In seeking therapeutic interventions, it is important to tease out how much the parent’s desire to be the child’s friend is usurping the role of parental authority. Therapy, at its best, is not a method to prove the brokenness of the child, but rather to embrace the support and wisdom of responsible parenting, promoting interventions that decrease the rewards from anxious behaviors in support of a healthy, non-pathological worldview. It has been proven that the single most powerful intervention in providing a safe, secure, non-fear-driven environment for a child, and even for most adults, is that of structure. A predictable routine is paramount, from when we get up, when we go to bed, when we go to school or work, when Mom or Dad gets home, to when we can have play dates, when we must have time alone without tech toys, and when we have meals.
The child, by her/his very nature, wants to be in control, and will have immediate resistance to such structure until it becomes routine. Sadly, many parents are equally, if not more, resistive to healthy structuring of their lives.
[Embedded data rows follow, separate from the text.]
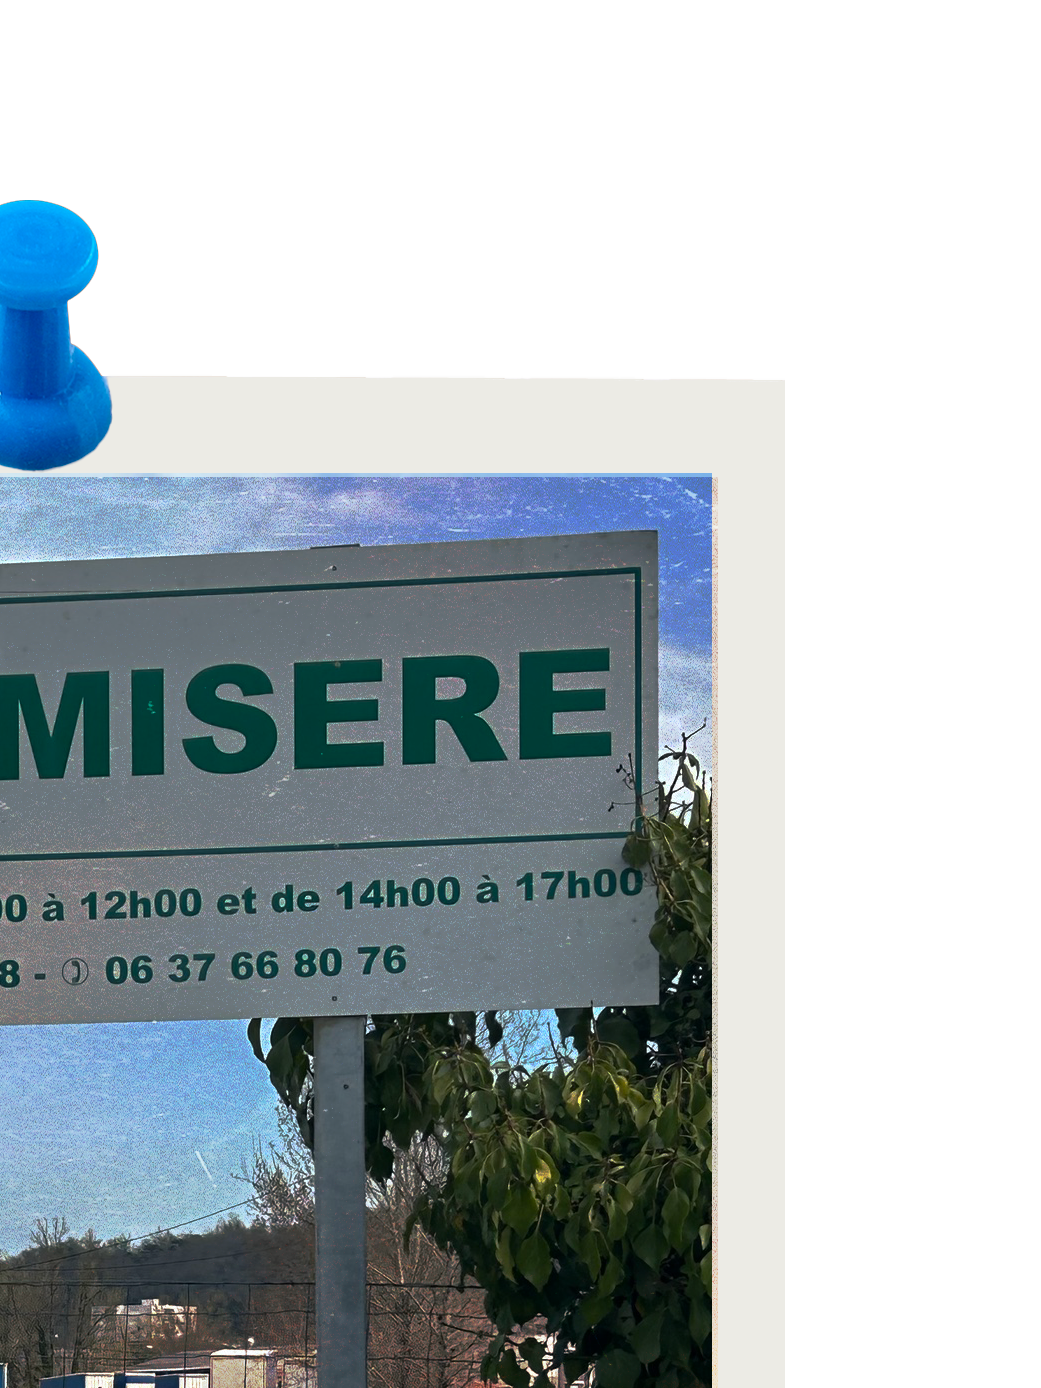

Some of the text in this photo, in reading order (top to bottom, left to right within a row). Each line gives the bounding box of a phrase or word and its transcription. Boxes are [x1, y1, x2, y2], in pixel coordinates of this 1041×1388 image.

[42, 892, 64, 922] à
[80, 888, 202, 920] 12h00
[216, 887, 257, 916] et
[271, 884, 320, 913] de
[335, 876, 461, 910] 14h00
[476, 874, 499, 904] à
[515, 867, 644, 901] 17h00
[105, 955, 154, 985] 06
[169, 953, 216, 983] 37
[231, 950, 279, 980] 66
[294, 948, 342, 978] 80
[357, 945, 407, 975] 76
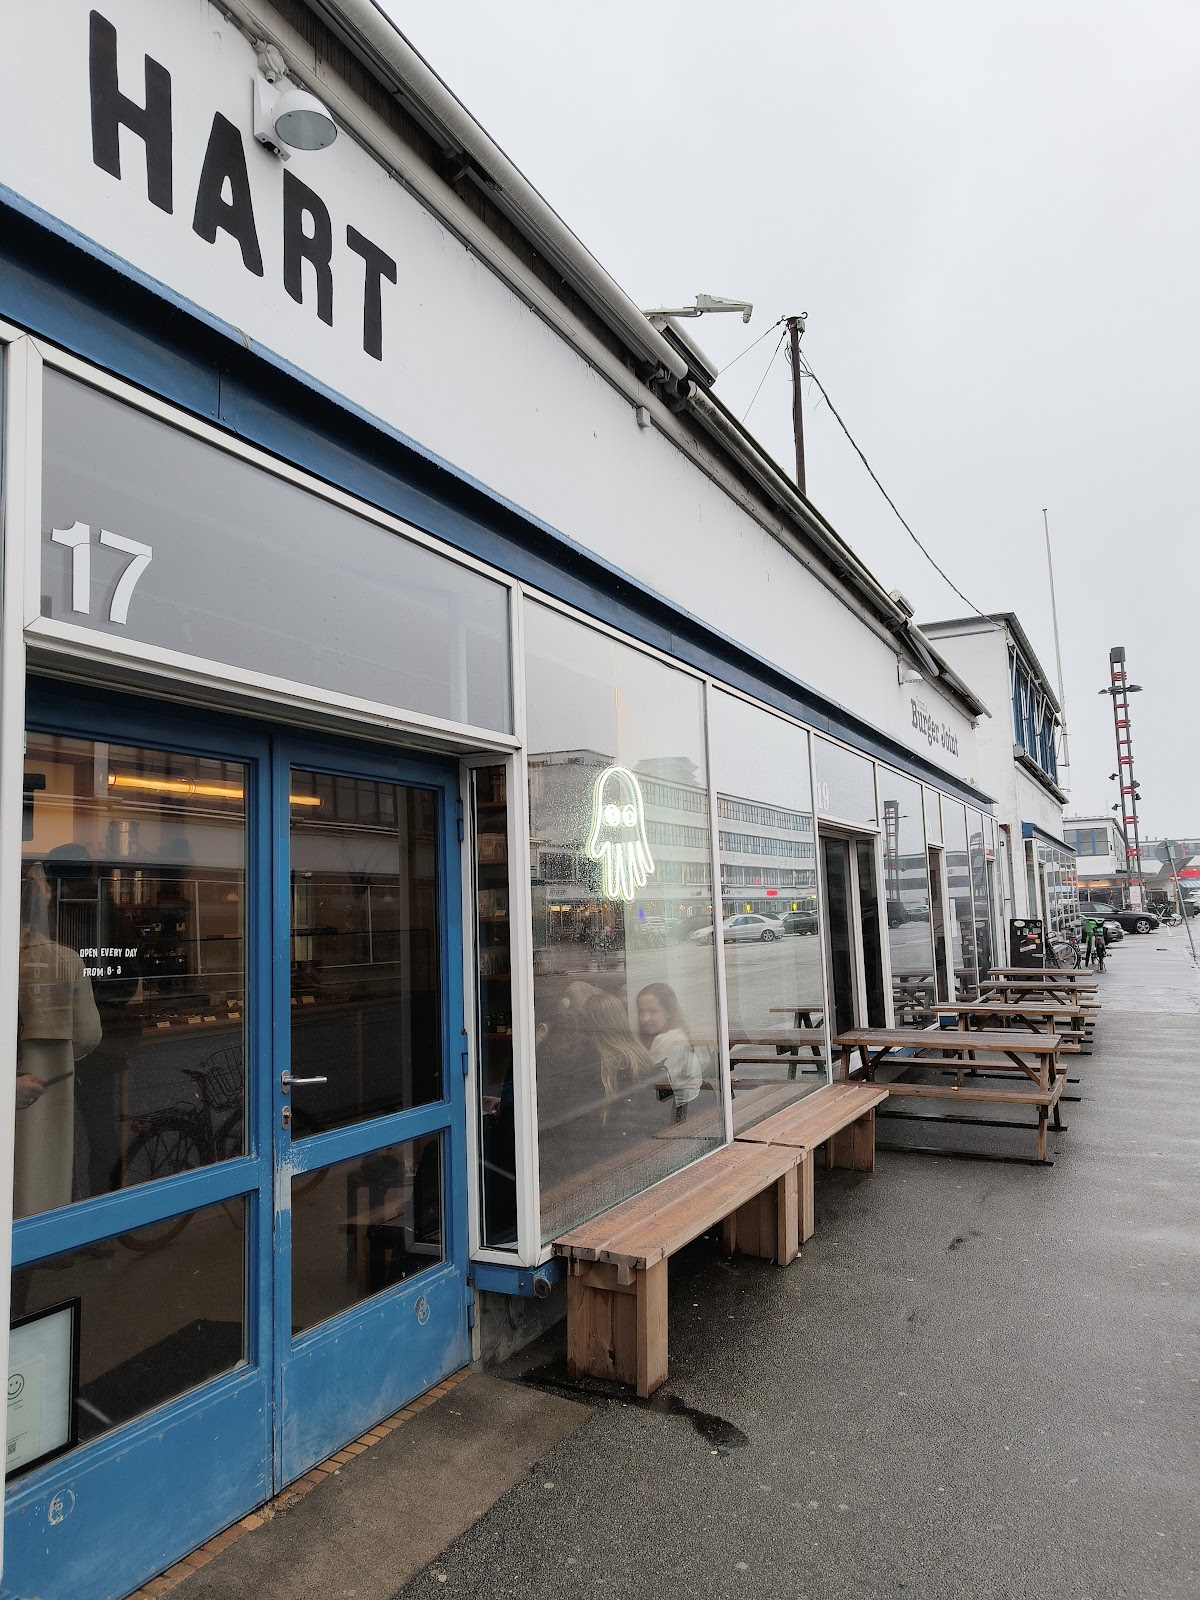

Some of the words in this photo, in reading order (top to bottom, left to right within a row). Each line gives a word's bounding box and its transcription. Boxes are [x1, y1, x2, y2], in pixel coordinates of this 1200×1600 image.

[89, 9, 397, 362] HART
[51, 520, 153, 626] 17
[910, 697, 940, 747] Burger
[80, 948, 98, 958] OPEN
[100, 948, 122, 958] EVERY
[125, 948, 138, 958] DAY
[83, 967, 104, 978] FROM
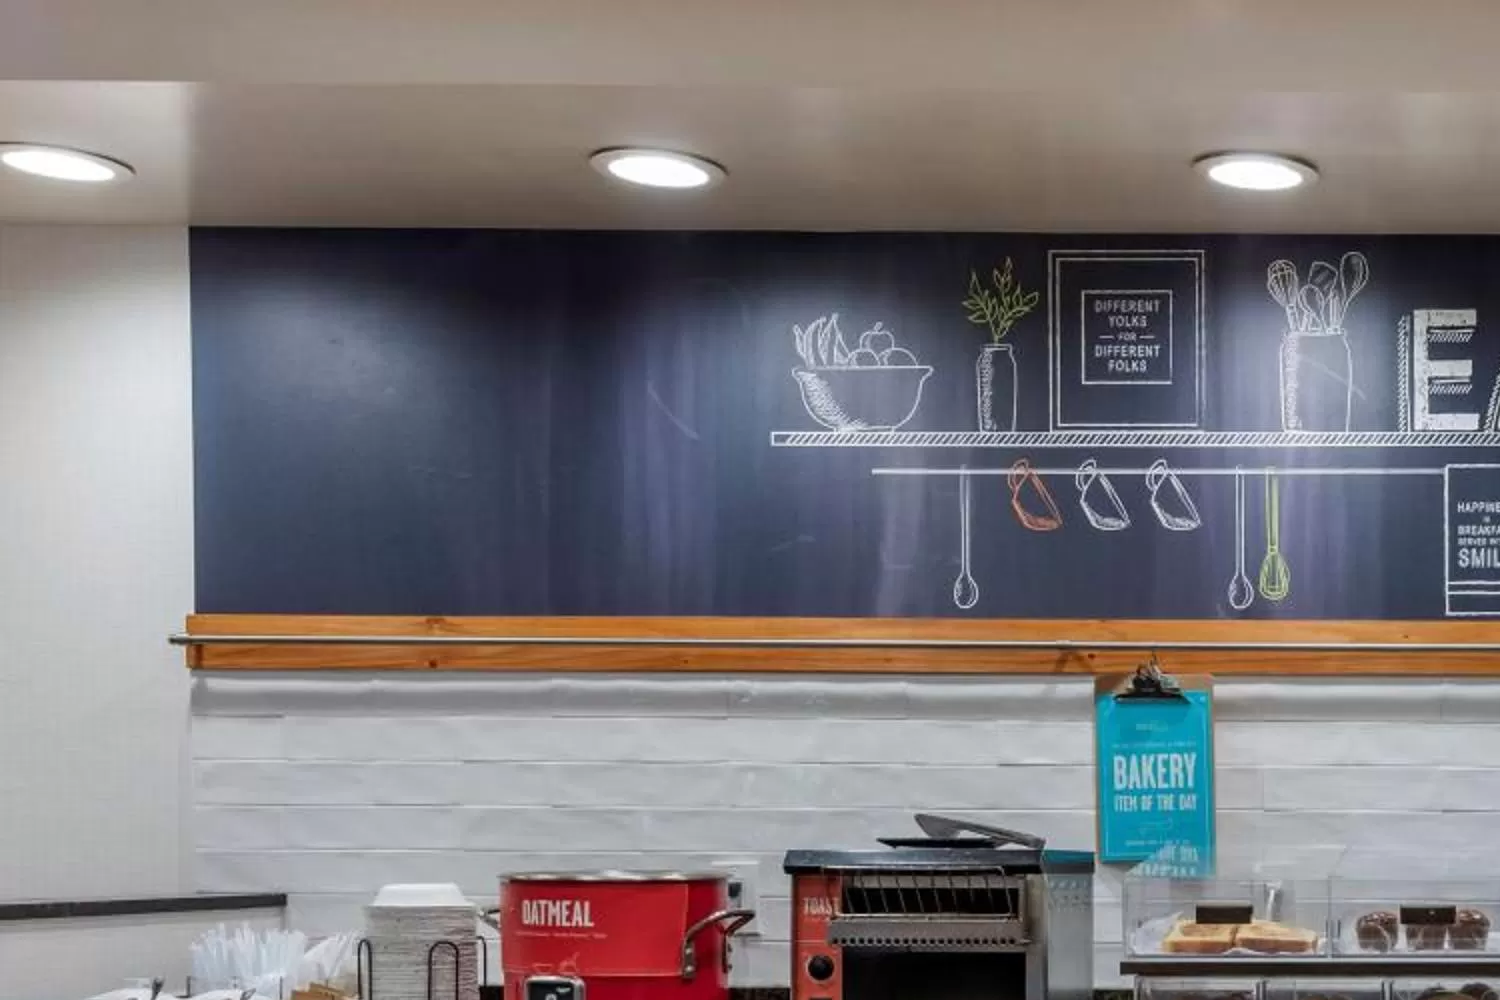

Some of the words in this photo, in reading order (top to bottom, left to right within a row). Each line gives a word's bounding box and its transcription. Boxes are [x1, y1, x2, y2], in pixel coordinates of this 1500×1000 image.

[1095, 299, 1160, 313] DIFFERENT
[1108, 315, 1147, 328] YOLKS
[1119, 331, 1137, 341] FOR
[1095, 344, 1160, 357] DIFFERENT
[1108, 359, 1147, 373] FOLKS
[1113, 752, 1197, 791] BAKERY
[1114, 795, 1138, 813] ITEM
[1141, 794, 1154, 813] OF
[1157, 794, 1175, 811] THE
[1179, 793, 1197, 811] DAY
[522, 899, 595, 928] OATMEAL
This resistance to structure by both the parent and the child is fueled by a desire to be responsive to external demands and by being unaware that there are internal needs for growth. If this resistance isn’t tempered, the development of the internal-locus-of-control, healthy self-soothing behaviors will have difficulty developing. In the adult, some of the same attachments are seen — video gaming, inability to spend productive time alone, binge-watching television, and the use of drugs and alcohol — as the escape from the inward calls for growth. Even the individuation path required by psychological, spiritual, and emotional separation from others is ignored. NOTE – Families naturally make comparisons: “You are so like your Dad” or “You are just like your Aunt Susie.” These comparisons are normal and good, unless there is the omission of highlighting where the child is unique, and not like others they know. How will the child even know to find his own path if he is constantly reduced to being like someone who already exists? This is an amazing dilemma: to provide the comfort of recognition within the belongingness of the family of origin and to sincerely recognize the unique characteristics of the child.
The task of successful parenting is one of recognizing many paradoxical situations. Fear, as stated earlier, is an unpleasant emotion but necessary for safety and survival. Parenting today has developed a bias that it is the parents’ responsibility to protect the child against unpleasant feelings. Nothing could be further from the truth or more dangerous. The focus must be on the acceptance that, in the course of everydayness, there are unpleasant emotions, fear being one of them, that are well within the ability of the child and the parent to learn to navigate.
*Psychologizing – the process of finding meaning in symptoms for the benefit of symptom relief.